I am reading up on some reverse polarity options, since I think I busted some hardware recently when incidentally powering my Arduino Uno from the USB and from vin pin at the same time.
GreatScott had a youtube video which helped summarize some useful information which got me started in the right direction. He referenced this blog post and circuit which I am now dissecting and I wanted some confirmation whether or not I am fully understanding it correctly. I am not very good at reading circuits diagrams still. Plus his example uses a 5v BMS and a single cell battery, and in my project I am using a much larger 12v battery so the required mosfets might be subject to change.
The diagram image attached show the circuit in the NPN form.
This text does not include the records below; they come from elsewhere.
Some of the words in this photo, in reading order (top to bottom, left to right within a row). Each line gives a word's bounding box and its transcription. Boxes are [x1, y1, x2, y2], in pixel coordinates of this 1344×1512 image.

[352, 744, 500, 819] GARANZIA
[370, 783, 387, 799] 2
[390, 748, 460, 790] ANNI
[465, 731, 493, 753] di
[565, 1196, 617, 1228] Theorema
I am choosing this one over the PNP type simply because I already have some NPN mosfets lying around that I want to see if I can use. I have annotated this with how I think the mechanical behavior is functioning. I just wanted to confirm whether or not I got it right.
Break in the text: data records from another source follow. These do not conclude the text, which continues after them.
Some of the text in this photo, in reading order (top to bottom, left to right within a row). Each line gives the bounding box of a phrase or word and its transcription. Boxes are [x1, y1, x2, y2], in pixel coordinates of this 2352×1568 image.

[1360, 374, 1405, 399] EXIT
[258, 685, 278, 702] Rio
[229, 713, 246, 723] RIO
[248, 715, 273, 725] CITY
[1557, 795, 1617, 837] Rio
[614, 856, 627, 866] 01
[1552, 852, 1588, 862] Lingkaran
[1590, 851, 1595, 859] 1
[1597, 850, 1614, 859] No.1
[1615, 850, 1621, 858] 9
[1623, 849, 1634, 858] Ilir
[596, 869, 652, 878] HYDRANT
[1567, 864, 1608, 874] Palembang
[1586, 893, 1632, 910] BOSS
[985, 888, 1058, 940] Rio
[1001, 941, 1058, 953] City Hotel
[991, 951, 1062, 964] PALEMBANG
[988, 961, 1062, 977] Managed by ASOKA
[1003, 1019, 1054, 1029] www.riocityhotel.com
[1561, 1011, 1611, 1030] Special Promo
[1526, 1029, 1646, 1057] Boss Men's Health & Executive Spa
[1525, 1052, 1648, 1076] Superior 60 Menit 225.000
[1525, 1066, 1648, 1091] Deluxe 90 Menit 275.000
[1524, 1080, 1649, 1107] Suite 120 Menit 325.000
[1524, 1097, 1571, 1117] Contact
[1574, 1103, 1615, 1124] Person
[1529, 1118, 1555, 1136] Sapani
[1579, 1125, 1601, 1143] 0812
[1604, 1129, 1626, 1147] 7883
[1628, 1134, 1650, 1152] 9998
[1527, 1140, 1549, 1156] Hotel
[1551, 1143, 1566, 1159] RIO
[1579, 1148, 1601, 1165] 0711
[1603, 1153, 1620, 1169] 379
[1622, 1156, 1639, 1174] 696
So after much thought, here is how I see the signal flow:
When in the correct orientation, current would flow in parallel to the collector of the 2N2907A transistor as well as into the positive terminal of the battery cell.
The battery cells (-) terminal would send a negative -3.7v in parallel into the gate of the 2N2907A and to the source of the 2N7000.
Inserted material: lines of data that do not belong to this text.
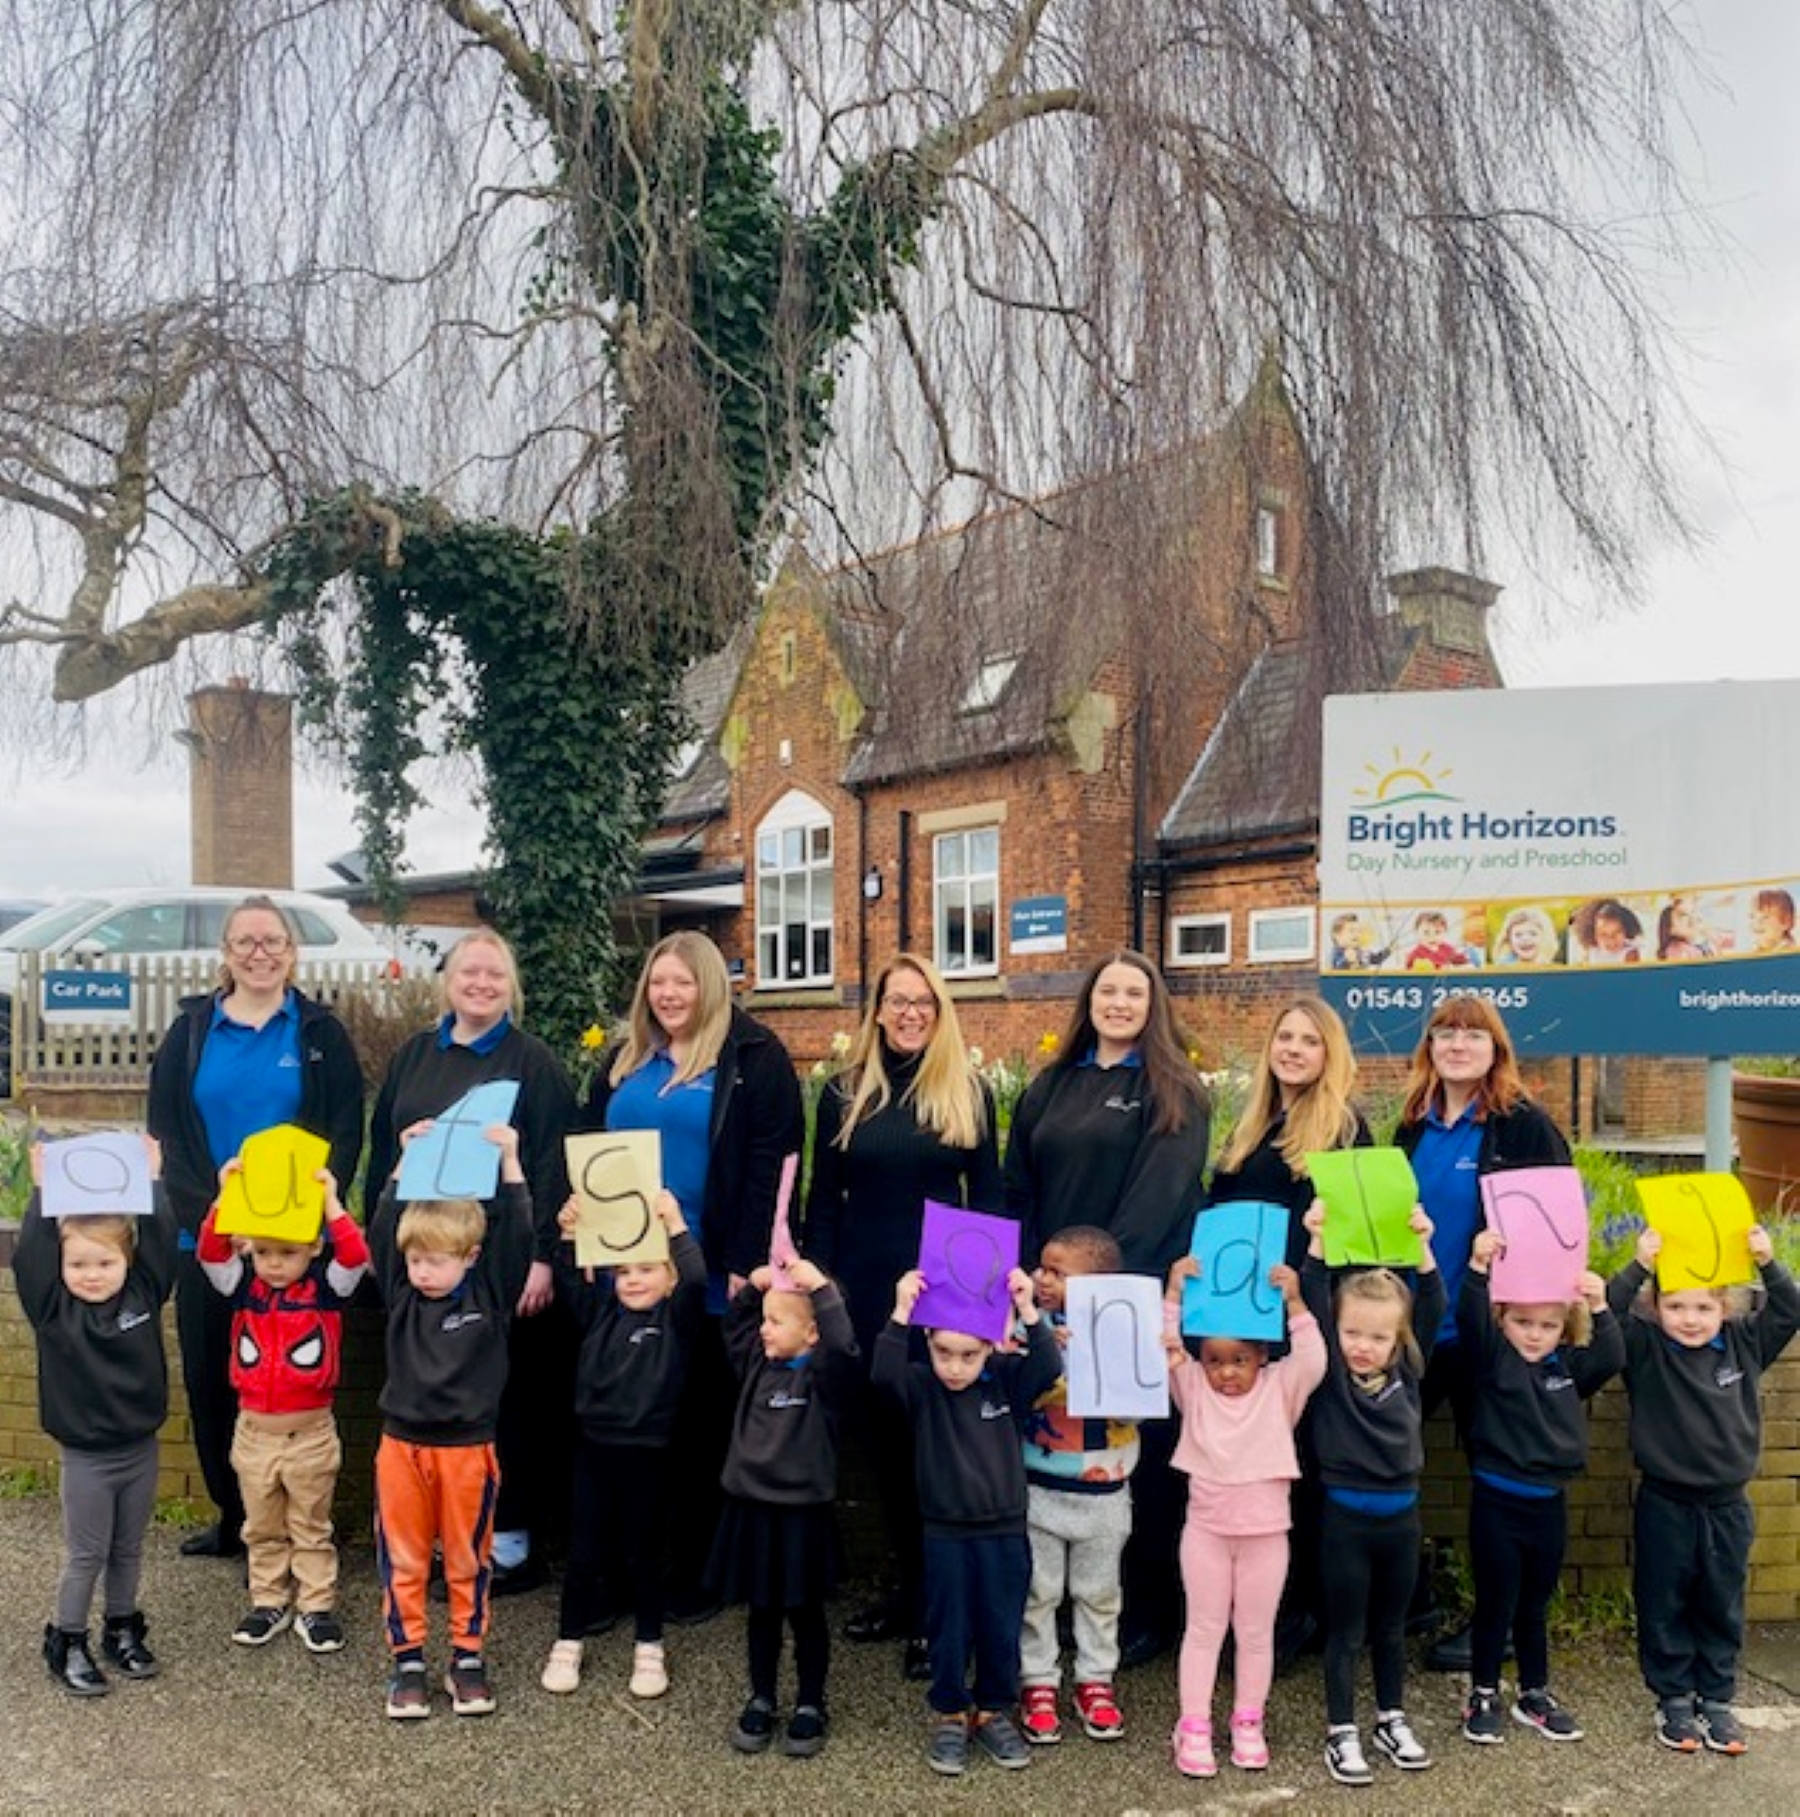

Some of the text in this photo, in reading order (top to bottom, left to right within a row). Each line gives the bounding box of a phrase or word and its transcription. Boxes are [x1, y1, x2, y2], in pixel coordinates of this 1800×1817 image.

[1347, 809, 1617, 848] Bright Horizons
[1347, 847, 1627, 875] Day Nursery and Preschool
[52, 981, 124, 998] Car Park
[1346, 986, 1423, 1009] 01543
[240, 1150, 306, 1219] u
[1211, 1203, 1275, 1315] d
[1090, 1293, 1162, 1407] n
The negative voltage would then open the gate of the 2N2907A transistor, allowing the positive voltage to flow in parallel to the base of the 2N7000 mosfet and to the TP4056 BMS.
The positive voltage on the base of the 2N7000 would open the source/emitter path, allowing the negative voltage to flow back into the negative terminal of the TP4056 BMS, completing the circuit.
...and if the battery was the incorrect polarity:
+3.7v would flow from the battery cell to the 2N2907A transistor. Since it is positive, it will remain closed.
The diode prevents the +3.7v current of the TP4056 from flowing to the positive and negative lead of the battery cell, preventing a short from happening. The battery cell is now in a closed loop and there is no sink for the current from the TP4056 to complete the circuit.
I am skeptical that I got this correct. If so, then what is the interaction that happens at the 2N7000 stage as the -3.7v is allowed to pass through the collector/emitter of the 2N7000 while the positive +3.7v TP4056 is flowing the same way in parallel? How does the (-) of the TP4056 allow both a positive and negative current to flow back to the BMS?